Telcos, terrified of being consigned to eternal status as ‘dumb pipes’, keep coming up with crazy ideas for over-the-top (OTT) high-value services. In America, they’re buying entertainment properties. Comcast, easily that nation’s most hated company, purchased NBCUniversal so that they’d have something to transmit over all that fibre they’re laying past US homes to blunt the growing threat from Google. Telstra has a 50% stake in Foxtel - creating a substantial conflict of interest when the former monopolist entertains the thought of providing higher bandwidth to consumers - voting with their dollars for Netflix type cable-cutting services. And so on.
All of these services rest on an unquestioned assumption that a pipe is simply a series of tubes that transport bits from one point to another across the global Internet. That’s never been particularly true - for instance, some points are far better connected than others - and now it threatens to be utterly at odds with reality.
In the earliest days of networking (I wrote firmware for X.25 PADs in the early 80s, so I know whereof I speak), it really was a series of fixed connections, running point-to-point at fairly low speeds (56-64Kbps). So back in the day, packet switching via X.25 was an OTT service.
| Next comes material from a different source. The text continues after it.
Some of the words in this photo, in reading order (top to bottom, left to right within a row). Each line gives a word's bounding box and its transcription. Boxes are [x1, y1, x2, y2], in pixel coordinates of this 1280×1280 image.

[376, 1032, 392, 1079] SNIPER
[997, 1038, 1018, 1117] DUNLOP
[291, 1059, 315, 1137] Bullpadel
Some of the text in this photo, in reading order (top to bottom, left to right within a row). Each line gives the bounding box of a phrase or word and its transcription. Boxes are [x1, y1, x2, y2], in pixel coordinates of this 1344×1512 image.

TCP/IP kicked over those traces, giving us the perception of a hypercloud of connectivity as every point virtually connected to every other point. The truth is always far more complex - as a traceroute will show - but that fundamental accessibility provided the foundation for basic services like FTP, telnet, and NNTP.
All networks for the past twenty-five years have grown up around the assumption that all services are equally accessible across the network. That’s rarely the case; as any network engineer knows, a network is only as fast as its slowest span. These days, networks are composed of many, many spans.
There are ways around this problem. Content delivery networks provide points-of-presence relatively proximal to demand, making the virtual circuit a little less virtual. It’s a patch on a hack on an imperfect implementation of a timeless idea.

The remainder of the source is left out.